One of the founders of EkoHarita, Alper Can Kılıç expresses the purpose of their projects with these words: ‘Basically, we can define the purpose of EkoHarita as “to liberate information and strengthen solidarity”. In this context, we can say that we have provided support to many campaigns, events, workshops, and organizations in terms of communication, as well as providing voluntary service in organizing and filtering a lot of information. We can divide our projects into two as those we conduct and those we are stakeholders in. If we list the works we do, “Topluluk Destekli Tarım Ağı” (Community Supported Agriculture Network) is a project that brings together the formations for food sovereignty and also has the feature of a chronological information bank; “EkoTopluluk” (EkoCommunity) is a software project that we have been working on as we found resources as a tool to facilitate the establishment of food communities, but we have not yet completed; “Doğa Yolun Olsun” (Let Nature Be Your Way) is where we carry out activities on ecological life and permaculture, where we conduct transfers and conversations; “Ekopedi” is an ecological-based wiki study; “Dayanışma Toplulukları ve Ağları” (Solidarity Societies and Networks) is a listing study we started to facilitate access to local support units and solidarity networks for crisis moments during the corona period. We talked about our “Ecology Map” project in the previous paragraph. Apart from this, there are projects and campaigns in which we are involved as stakeholders, such as No Pesticides On My Plate, Pesticide-Free Towns, Ban All Hunting.’
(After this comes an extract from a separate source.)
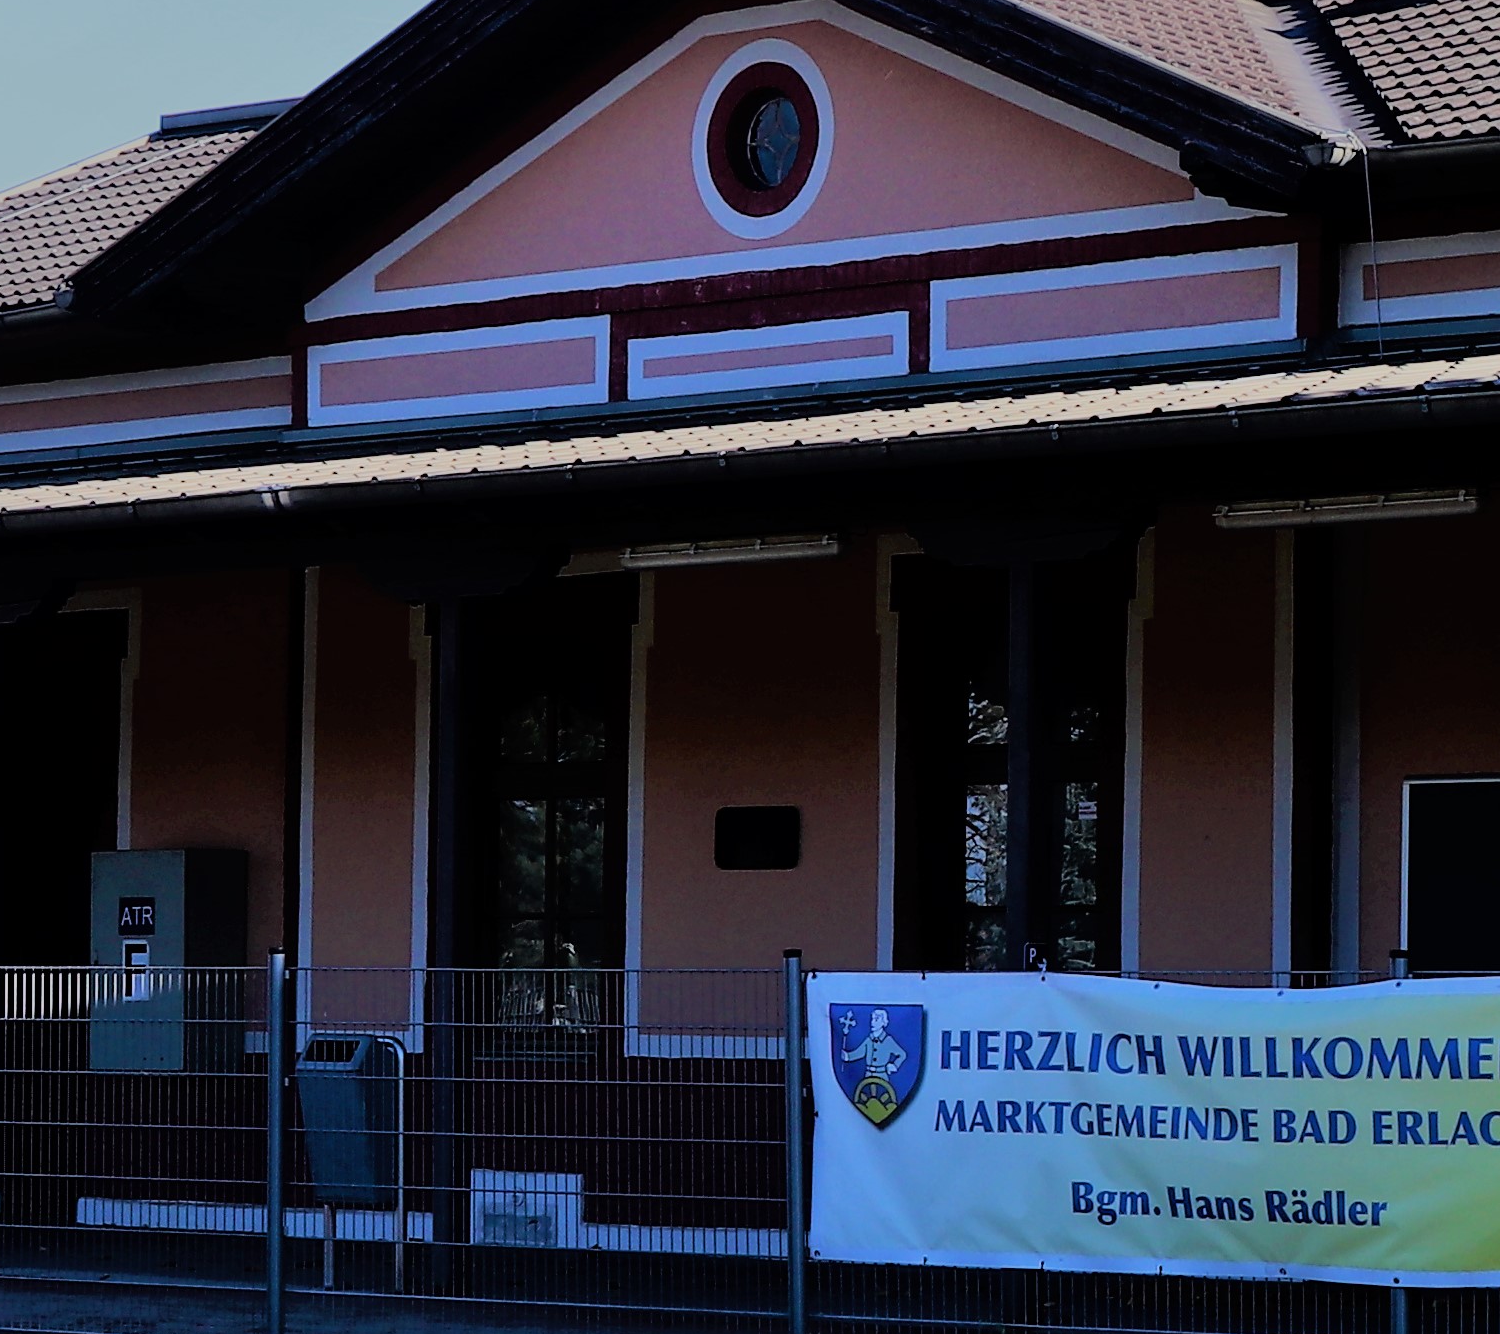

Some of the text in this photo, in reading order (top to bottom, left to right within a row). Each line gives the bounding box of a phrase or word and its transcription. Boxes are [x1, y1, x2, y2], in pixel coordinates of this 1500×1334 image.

‘The Relationship Between Producer and Consumer Should Be Strengthened’

Kılıç believes that ensuring access to safe food for all is a two-sided task. According to Kılıç, as long as people do not establish food communities, food communities do not multiply and are transformed into structures that communicate, it will not become a structure with social representation. ‘After a while, producers will be able to continue their production, sell their products, get the security and comfort of reaching people with whom they can share the risk, and share experience by establishing relationships with other producers,’ Kılıç said, adding that the improvements in the welfare of the producers will also encourage the producers who make natural production, and that new producers will be encouraged. Kılıç explains that the duty of the consumer is to find manufacturers who produce products that consumers can consume with confidence, and after a while, they develop their communication and establish a trust network by establishing bonds with manufacturers that meet their own criteria through the same trust relationship.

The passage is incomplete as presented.